Nathan A. Farwell
Quick Facts
Biography
Nathan Allen Farwell (February 24, 1812 – December 9, 1893) was a politician, businessman and United States Senator from Maine.
Life and career
Born in Unity, Maine, he attended the common schools, and then taught school 1832–33. He moved to East Thomaston, Maine, in 1834 and engaged in the manufacture of lime and in shipbuilding. Farwell subsequently became a master mariner and trader. He then studied law and moved to Rockland, Maine, where he founded the Rockland Marine Insurance Co., and served as president, as well as practicing law in that city.

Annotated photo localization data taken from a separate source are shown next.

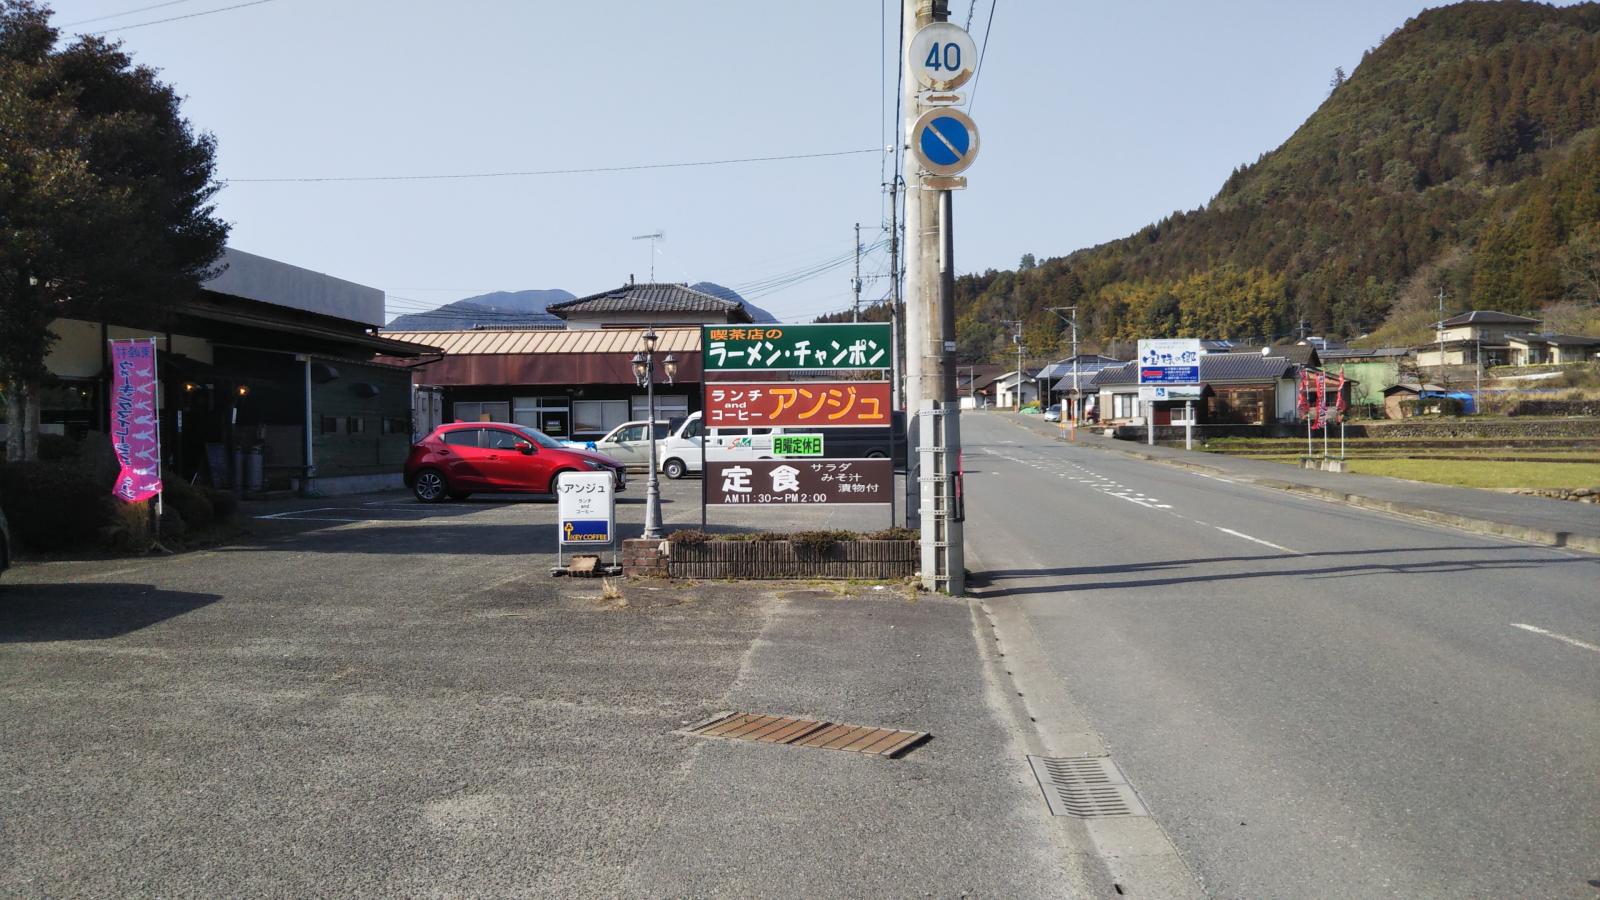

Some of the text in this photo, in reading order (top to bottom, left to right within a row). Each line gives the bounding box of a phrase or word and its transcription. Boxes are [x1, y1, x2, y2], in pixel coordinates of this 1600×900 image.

[925, 42, 961, 71] 40
[710, 329, 783, 340] 喫茶店の
[709, 339, 885, 367] ラーメン・チャンポン
[712, 390, 762, 401] ランチ
[769, 386, 884, 420] アンジュ
[712, 410, 762, 421] コーヒー
[773, 438, 822, 454] 月曜定休日
[811, 463, 852, 472] サラダ
[721, 464, 800, 493] 定食
[821, 473, 862, 482] みそ汁
[564, 483, 606, 493] アンジュ
[838, 483, 880, 493] 漬物付

He traveled in Europe from 1845 until 1847.
He was a member of the Maine State Senate from 1853 to 1854 and again from 1861 to 1862, serving the last year as presiding officer. He was a member of the Maine House of Representatives in 1860 and again from 1863 to 1864. He was a delegate to the Baltimore Republican National Convention in 1864, and in that year was appointed to the U.S. Senate as a Republican for the unexpired term of William Pitt Fessenden. He served in that body from October 27, 1864, to March 3, 1865, but was not a candidate for reelection in 1865. At that time he resumed his activities in the insurance business. He was delegate to the National Union Convention in Philadelphia in 1866.
Farwell died in Rockland, Maine, and is buried in Achorn Cemetery. He was the cousin of Owen Lovejoy and Elijah P. Lovejoy.